=== EXCERPTED DATA ===

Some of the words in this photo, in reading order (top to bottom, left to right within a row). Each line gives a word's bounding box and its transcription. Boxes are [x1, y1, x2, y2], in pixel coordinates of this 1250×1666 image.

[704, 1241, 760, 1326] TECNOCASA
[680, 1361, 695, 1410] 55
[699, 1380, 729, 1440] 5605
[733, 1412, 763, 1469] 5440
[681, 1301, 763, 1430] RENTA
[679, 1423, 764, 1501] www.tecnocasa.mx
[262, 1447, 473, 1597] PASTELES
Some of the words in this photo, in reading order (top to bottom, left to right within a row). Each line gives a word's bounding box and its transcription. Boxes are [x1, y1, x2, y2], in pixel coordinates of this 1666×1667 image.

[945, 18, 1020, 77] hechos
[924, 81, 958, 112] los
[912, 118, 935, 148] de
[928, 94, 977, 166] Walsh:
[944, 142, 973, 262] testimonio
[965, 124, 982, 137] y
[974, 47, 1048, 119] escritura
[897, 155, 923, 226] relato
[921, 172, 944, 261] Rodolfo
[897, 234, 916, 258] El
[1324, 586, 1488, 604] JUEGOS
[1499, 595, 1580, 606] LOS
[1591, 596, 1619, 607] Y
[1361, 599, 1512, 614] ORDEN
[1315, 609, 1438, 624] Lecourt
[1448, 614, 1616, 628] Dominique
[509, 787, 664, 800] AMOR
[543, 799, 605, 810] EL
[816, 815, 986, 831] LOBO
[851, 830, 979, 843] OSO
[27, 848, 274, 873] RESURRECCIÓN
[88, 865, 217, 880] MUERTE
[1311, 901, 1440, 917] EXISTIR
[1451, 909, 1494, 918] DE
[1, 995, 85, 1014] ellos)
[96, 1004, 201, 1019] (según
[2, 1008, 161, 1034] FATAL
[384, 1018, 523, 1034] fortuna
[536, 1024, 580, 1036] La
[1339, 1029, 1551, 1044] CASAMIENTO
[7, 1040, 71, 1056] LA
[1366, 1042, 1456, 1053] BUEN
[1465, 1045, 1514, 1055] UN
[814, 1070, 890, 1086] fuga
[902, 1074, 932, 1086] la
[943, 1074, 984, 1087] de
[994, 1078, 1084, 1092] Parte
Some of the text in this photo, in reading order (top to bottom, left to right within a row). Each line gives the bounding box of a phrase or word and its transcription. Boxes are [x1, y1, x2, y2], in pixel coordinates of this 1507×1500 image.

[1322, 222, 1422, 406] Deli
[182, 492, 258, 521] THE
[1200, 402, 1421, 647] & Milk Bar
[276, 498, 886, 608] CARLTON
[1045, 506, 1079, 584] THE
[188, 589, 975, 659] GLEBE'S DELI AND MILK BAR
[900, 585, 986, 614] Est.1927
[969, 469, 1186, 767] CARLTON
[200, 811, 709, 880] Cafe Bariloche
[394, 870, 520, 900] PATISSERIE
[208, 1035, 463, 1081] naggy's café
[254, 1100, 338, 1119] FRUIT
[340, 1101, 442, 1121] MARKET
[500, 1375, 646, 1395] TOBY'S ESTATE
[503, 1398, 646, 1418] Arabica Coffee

===

▸ **WHAT YOU ARE ASKED TO DO**
Each line above should be copied exactly, with no line missing.

▸ **SOLUTION BELOW**
Some of the words in this photo, in reading order (top to bottom, left to right within a row). Each line gives a word's bounding box and its transcription. Boxes are [x1, y1, x2, y2], in pixel coordinates of this 1250×1666 image.

[704, 1241, 760, 1326] TECNOCASA
[680, 1361, 695, 1410] 55
[699, 1380, 729, 1440] 5605
[733, 1412, 763, 1469] 5440
[681, 1301, 763, 1430] RENTA
[679, 1423, 764, 1501] www.tecnocasa.mx
[262, 1447, 473, 1597] PASTELES
Some of the words in this photo, in reading order (top to bottom, left to right within a row). Each line gives a word's bounding box and its transcription. Boxes are [x1, y1, x2, y2], in pixel coordinates of this 1666×1667 image.

[945, 18, 1020, 77] hechos
[924, 81, 958, 112] los
[912, 118, 935, 148] de
[928, 94, 977, 166] Walsh:
[944, 142, 973, 262] testimonio
[965, 124, 982, 137] y
[974, 47, 1048, 119] escritura
[897, 155, 923, 226] relato
[921, 172, 944, 261] Rodolfo
[897, 234, 916, 258] El
[1324, 586, 1488, 604] JUEGOS
[1499, 595, 1580, 606] LOS
[1591, 596, 1619, 607] Y
[1361, 599, 1512, 614] ORDEN
[1315, 609, 1438, 624] Lecourt
[1448, 614, 1616, 628] Dominique
[509, 787, 664, 800] AMOR
[543, 799, 605, 810] EL
[816, 815, 986, 831] LOBO
[851, 830, 979, 843] OSO
[27, 848, 274, 873] RESURRECCIÓN
[88, 865, 217, 880] MUERTE
[1311, 901, 1440, 917] EXISTIR
[1451, 909, 1494, 918] DE
[1, 995, 85, 1014] ellos)
[96, 1004, 201, 1019] (según
[2, 1008, 161, 1034] FATAL
[384, 1018, 523, 1034] fortuna
[536, 1024, 580, 1036] La
[1339, 1029, 1551, 1044] CASAMIENTO
[7, 1040, 71, 1056] LA
[1366, 1042, 1456, 1053] BUEN
[1465, 1045, 1514, 1055] UN
[814, 1070, 890, 1086] fuga
[902, 1074, 932, 1086] la
[943, 1074, 984, 1087] de
[994, 1078, 1084, 1092] Parte
Some of the text in this photo, in reading order (top to bottom, left to right within a row). Each line gives the bounding box of a phrase or word and its transcription. Boxes are [x1, y1, x2, y2], in pixel coordinates of this 1507×1500 image.

[1322, 222, 1422, 406] Deli
[182, 492, 258, 521] THE
[1200, 402, 1421, 647] & Milk Bar
[276, 498, 886, 608] CARLTON
[1045, 506, 1079, 584] THE
[188, 589, 975, 659] GLEBE'S DELI AND MILK BAR
[900, 585, 986, 614] Est.1927
[969, 469, 1186, 767] CARLTON
[200, 811, 709, 880] Cafe Bariloche
[394, 870, 520, 900] PATISSERIE
[208, 1035, 463, 1081] naggy's café
[254, 1100, 338, 1119] FRUIT
[340, 1101, 442, 1121] MARKET
[500, 1375, 646, 1395] TOBY'S ESTATE
[503, 1398, 646, 1418] Arabica Coffee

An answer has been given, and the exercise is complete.